* _TASK DESCRIPTION_
Set down the whole listing below exactly, without pictures.

* _INPUT DATA_
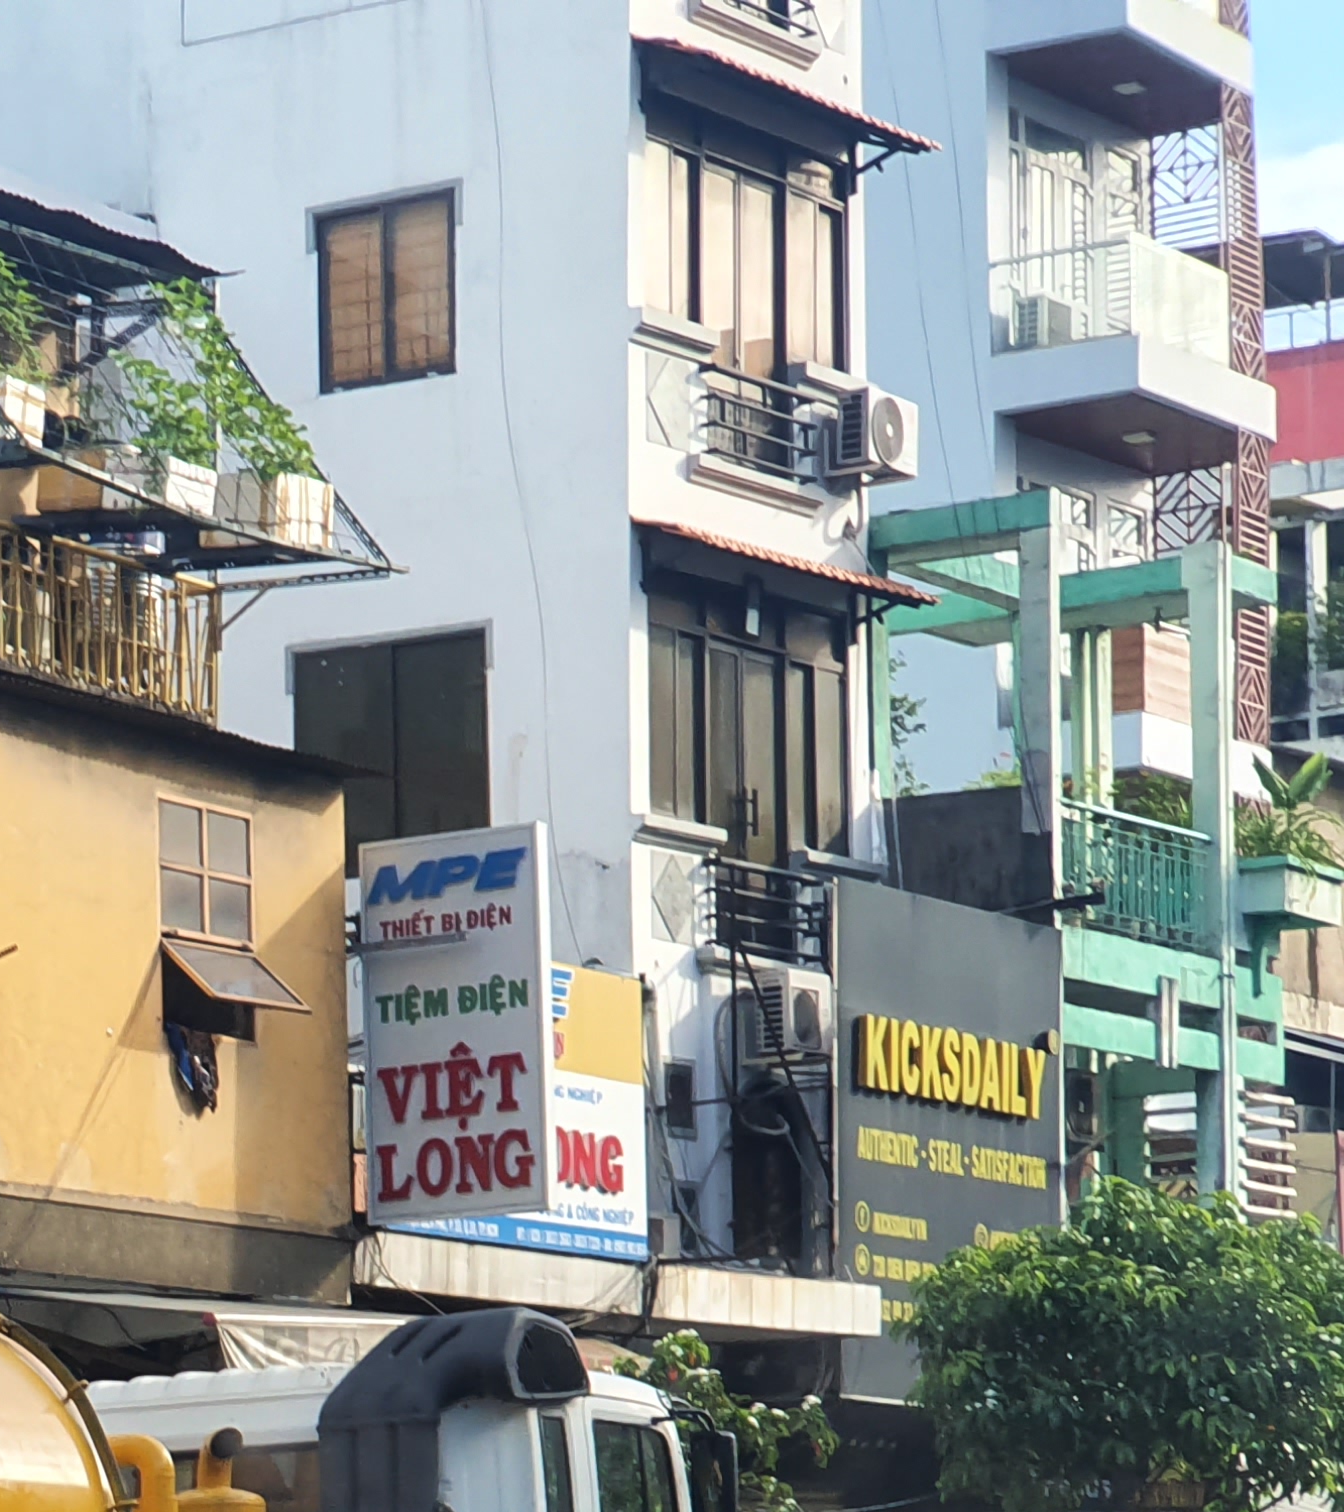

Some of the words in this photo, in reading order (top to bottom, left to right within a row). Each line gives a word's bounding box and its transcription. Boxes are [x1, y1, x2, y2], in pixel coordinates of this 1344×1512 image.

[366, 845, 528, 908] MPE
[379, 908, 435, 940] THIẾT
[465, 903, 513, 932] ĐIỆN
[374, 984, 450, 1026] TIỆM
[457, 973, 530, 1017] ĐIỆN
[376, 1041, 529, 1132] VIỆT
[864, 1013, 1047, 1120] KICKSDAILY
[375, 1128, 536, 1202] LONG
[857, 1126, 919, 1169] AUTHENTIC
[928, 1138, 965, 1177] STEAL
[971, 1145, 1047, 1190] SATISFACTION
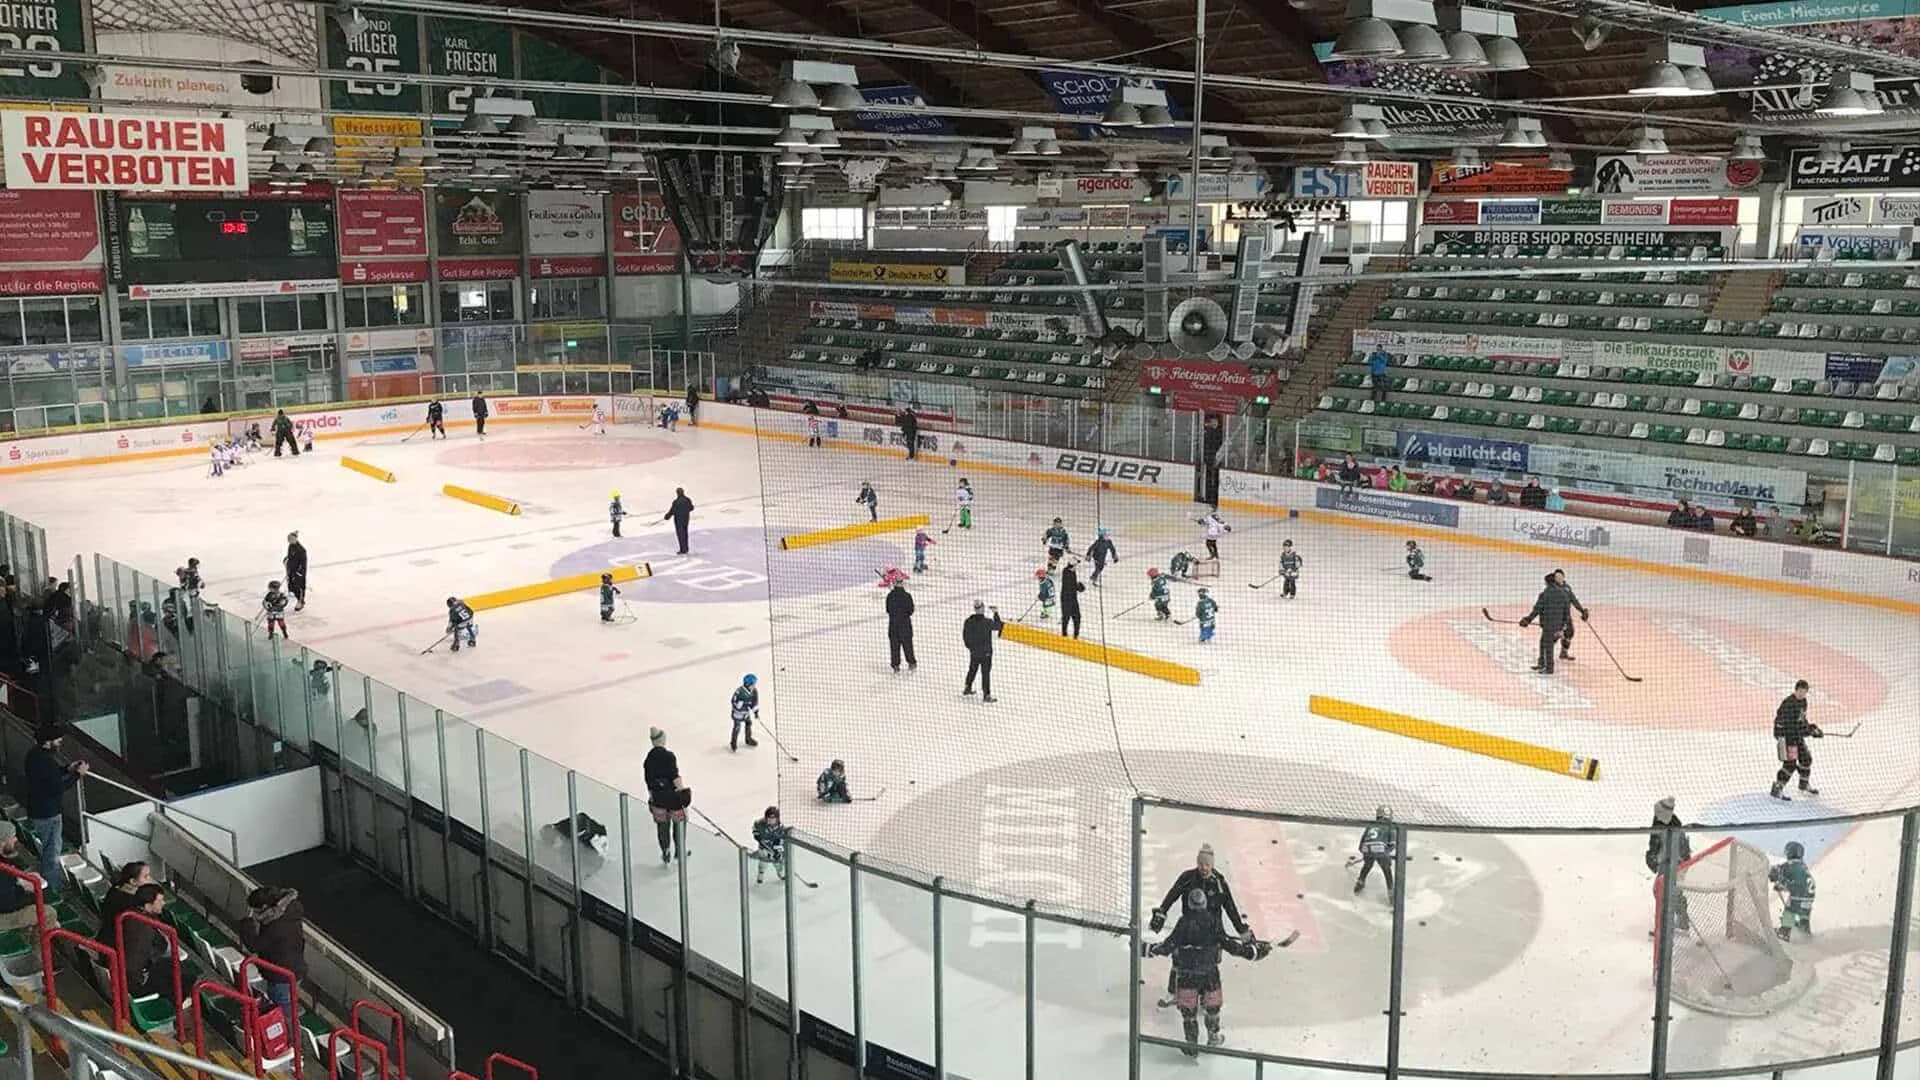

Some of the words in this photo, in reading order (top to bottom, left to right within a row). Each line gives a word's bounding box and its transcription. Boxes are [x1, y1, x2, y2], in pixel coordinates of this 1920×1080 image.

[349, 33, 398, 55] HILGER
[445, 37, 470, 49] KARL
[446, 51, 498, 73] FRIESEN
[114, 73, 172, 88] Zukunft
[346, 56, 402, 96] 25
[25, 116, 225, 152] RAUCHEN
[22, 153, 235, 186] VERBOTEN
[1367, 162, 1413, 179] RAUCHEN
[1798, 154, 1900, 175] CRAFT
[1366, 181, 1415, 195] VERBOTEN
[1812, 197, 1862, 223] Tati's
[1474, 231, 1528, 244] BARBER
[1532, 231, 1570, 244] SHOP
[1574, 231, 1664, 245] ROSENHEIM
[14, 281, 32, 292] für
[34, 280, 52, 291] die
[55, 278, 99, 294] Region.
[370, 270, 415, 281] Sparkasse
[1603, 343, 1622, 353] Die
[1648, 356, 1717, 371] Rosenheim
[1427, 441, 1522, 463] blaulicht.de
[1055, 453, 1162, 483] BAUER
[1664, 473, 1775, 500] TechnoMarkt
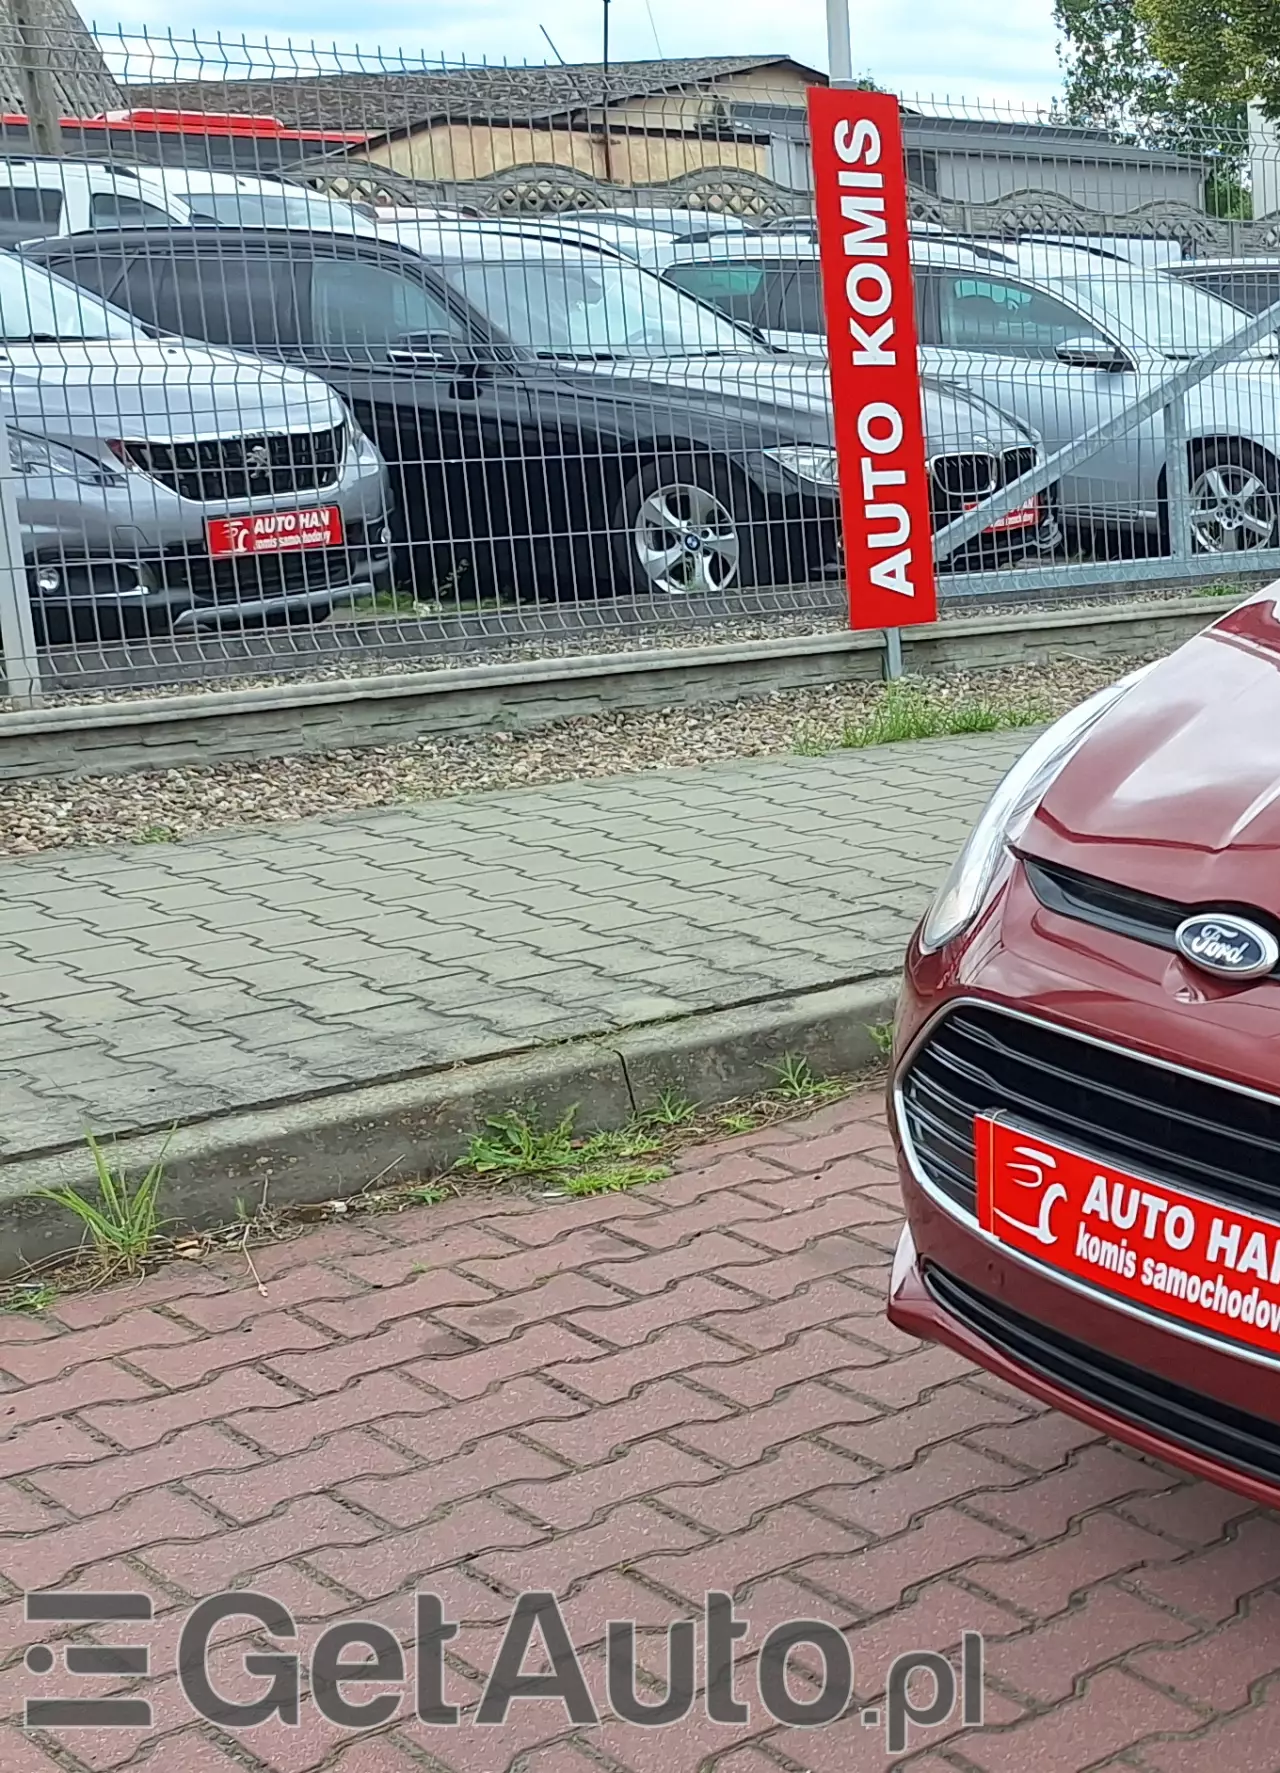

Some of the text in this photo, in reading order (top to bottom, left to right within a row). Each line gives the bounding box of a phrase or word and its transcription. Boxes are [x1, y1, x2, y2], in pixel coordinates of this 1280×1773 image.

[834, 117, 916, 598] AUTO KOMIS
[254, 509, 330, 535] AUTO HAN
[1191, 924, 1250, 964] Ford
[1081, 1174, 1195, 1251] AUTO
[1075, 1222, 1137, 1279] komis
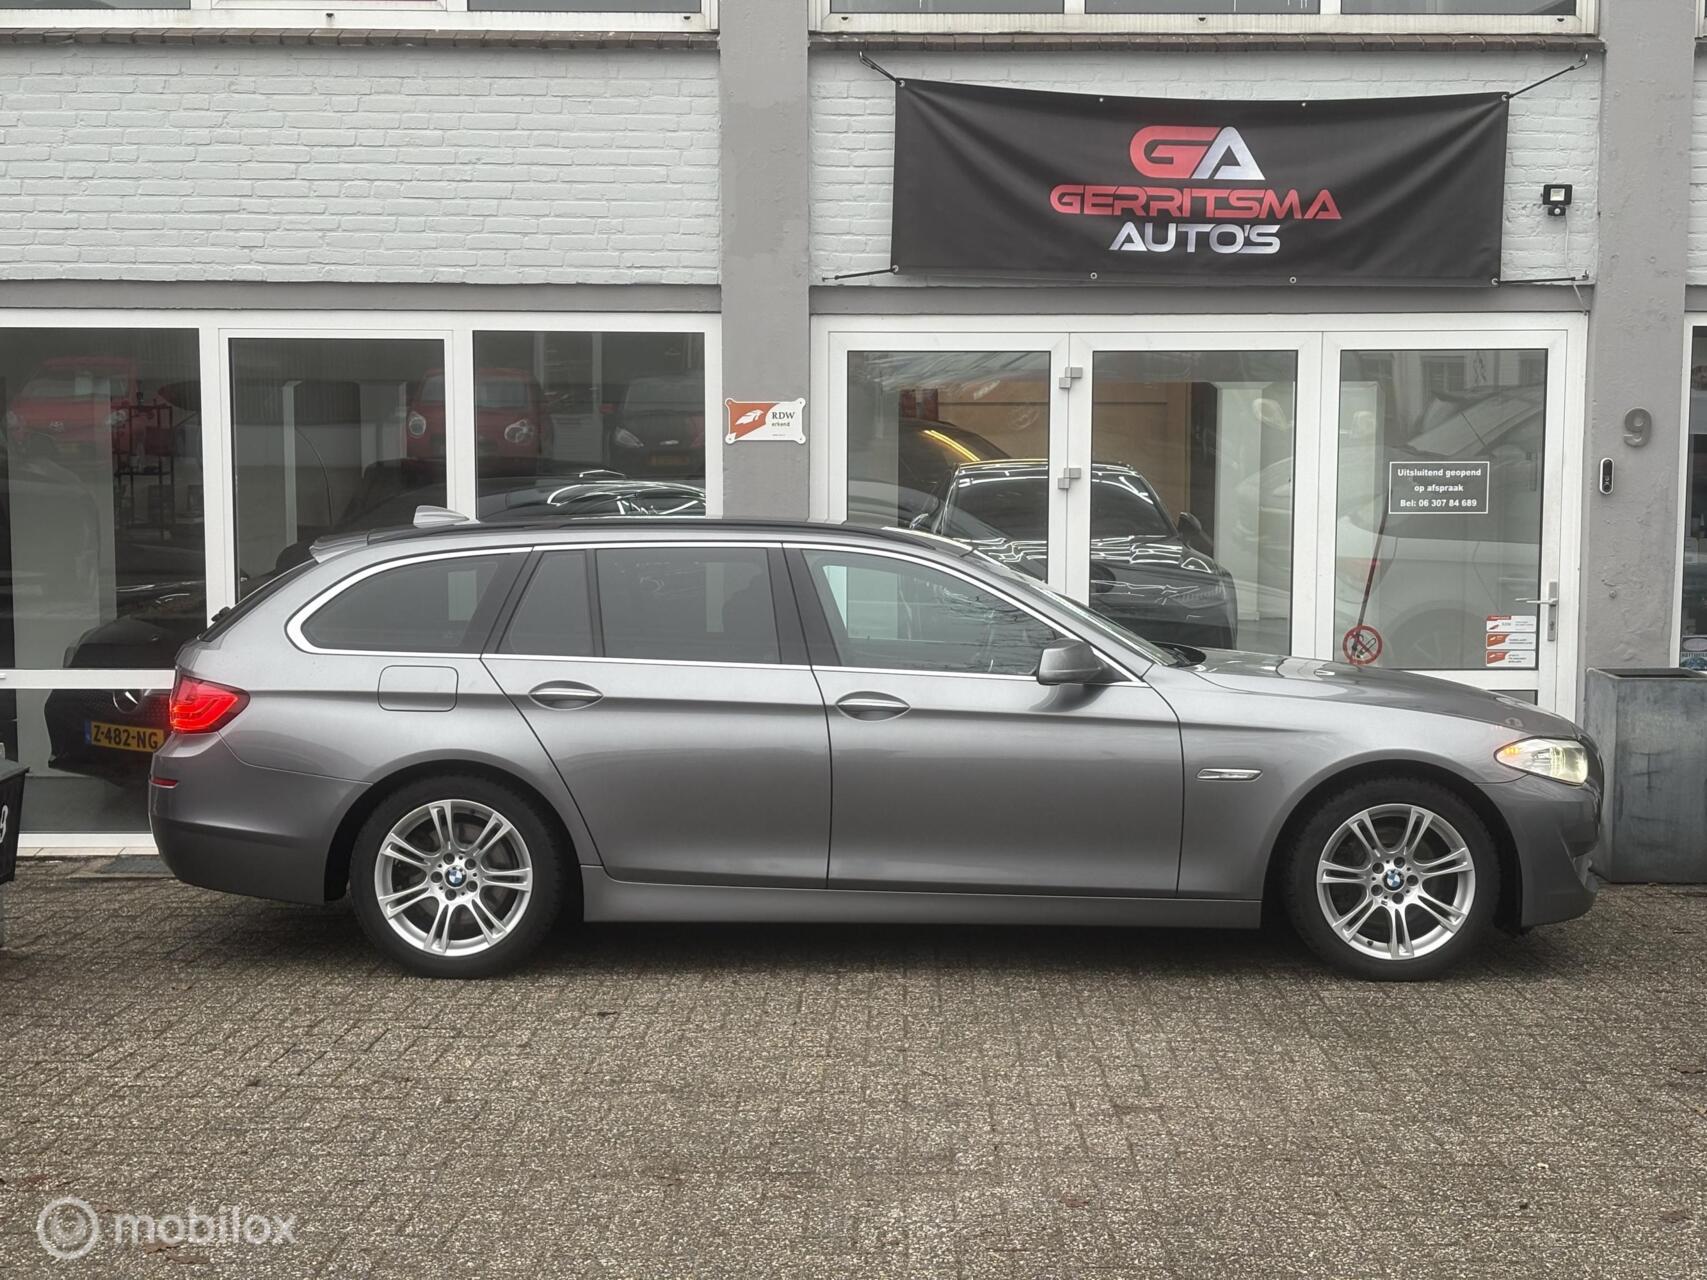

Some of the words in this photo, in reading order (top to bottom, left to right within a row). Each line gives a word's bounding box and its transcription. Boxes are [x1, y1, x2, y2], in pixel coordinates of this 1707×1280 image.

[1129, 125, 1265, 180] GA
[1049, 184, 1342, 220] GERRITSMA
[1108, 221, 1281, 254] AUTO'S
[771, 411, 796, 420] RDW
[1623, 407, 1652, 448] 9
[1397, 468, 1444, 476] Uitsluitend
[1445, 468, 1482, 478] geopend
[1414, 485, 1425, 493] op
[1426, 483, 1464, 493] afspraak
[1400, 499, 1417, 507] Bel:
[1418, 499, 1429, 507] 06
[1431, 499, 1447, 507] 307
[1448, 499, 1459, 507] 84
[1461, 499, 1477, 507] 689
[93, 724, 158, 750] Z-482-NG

* _ANSWER BOX_
Some of the words in this photo, in reading order (top to bottom, left to right within a row). Each line gives a word's bounding box and its transcription. Boxes are [x1, y1, x2, y2], in pixel coordinates of this 1344×1512 image.

[366, 845, 528, 908] MPE
[379, 908, 435, 940] THIẾT
[465, 903, 513, 932] ĐIỆN
[374, 984, 450, 1026] TIỆM
[457, 973, 530, 1017] ĐIỆN
[376, 1041, 529, 1132] VIỆT
[864, 1013, 1047, 1120] KICKSDAILY
[375, 1128, 536, 1202] LONG
[857, 1126, 919, 1169] AUTHENTIC
[928, 1138, 965, 1177] STEAL
[971, 1145, 1047, 1190] SATISFACTION

Some of the words in this photo, in reading order (top to bottom, left to right within a row). Each line gives a word's bounding box and its transcription. Boxes are [x1, y1, x2, y2], in pixel coordinates of this 1920×1080 image.

[349, 33, 398, 55] HILGER
[445, 37, 470, 49] KARL
[446, 51, 498, 73] FRIESEN
[114, 73, 172, 88] Zukunft
[346, 56, 402, 96] 25
[25, 116, 225, 152] RAUCHEN
[22, 153, 235, 186] VERBOTEN
[1367, 162, 1413, 179] RAUCHEN
[1798, 154, 1900, 175] CRAFT
[1366, 181, 1415, 195] VERBOTEN
[1812, 197, 1862, 223] Tati's
[1474, 231, 1528, 244] BARBER
[1532, 231, 1570, 244] SHOP
[1574, 231, 1664, 245] ROSENHEIM
[14, 281, 32, 292] für
[34, 280, 52, 291] die
[55, 278, 99, 294] Region.
[370, 270, 415, 281] Sparkasse
[1603, 343, 1622, 353] Die
[1648, 356, 1717, 371] Rosenheim
[1427, 441, 1522, 463] blaulicht.de
[1055, 453, 1162, 483] BAUER
[1664, 473, 1775, 500] TechnoMarkt

Some of the text in this photo, in reading order (top to bottom, left to right within a row). Each line gives the bounding box of a phrase or word and its transcription. Boxes are [x1, y1, x2, y2], in pixel coordinates of this 1280×1773 image.

[834, 117, 916, 598] AUTO KOMIS
[254, 509, 330, 535] AUTO HAN
[1191, 924, 1250, 964] Ford
[1081, 1174, 1195, 1251] AUTO
[1075, 1222, 1137, 1279] komis

Some of the words in this photo, in reading order (top to bottom, left to right within a row). Each line gives a word's bounding box and its transcription. Boxes are [x1, y1, x2, y2], in pixel coordinates of this 1707×1280 image.

[1129, 125, 1265, 180] GA
[1049, 184, 1342, 220] GERRITSMA
[1108, 221, 1281, 254] AUTO'S
[771, 411, 796, 420] RDW
[1623, 407, 1652, 448] 9
[1397, 468, 1444, 476] Uitsluitend
[1445, 468, 1482, 478] geopend
[1414, 485, 1425, 493] op
[1426, 483, 1464, 493] afspraak
[1400, 499, 1417, 507] Bel:
[1418, 499, 1429, 507] 06
[1431, 499, 1447, 507] 307
[1448, 499, 1459, 507] 84
[1461, 499, 1477, 507] 689
[93, 724, 158, 750] Z-482-NG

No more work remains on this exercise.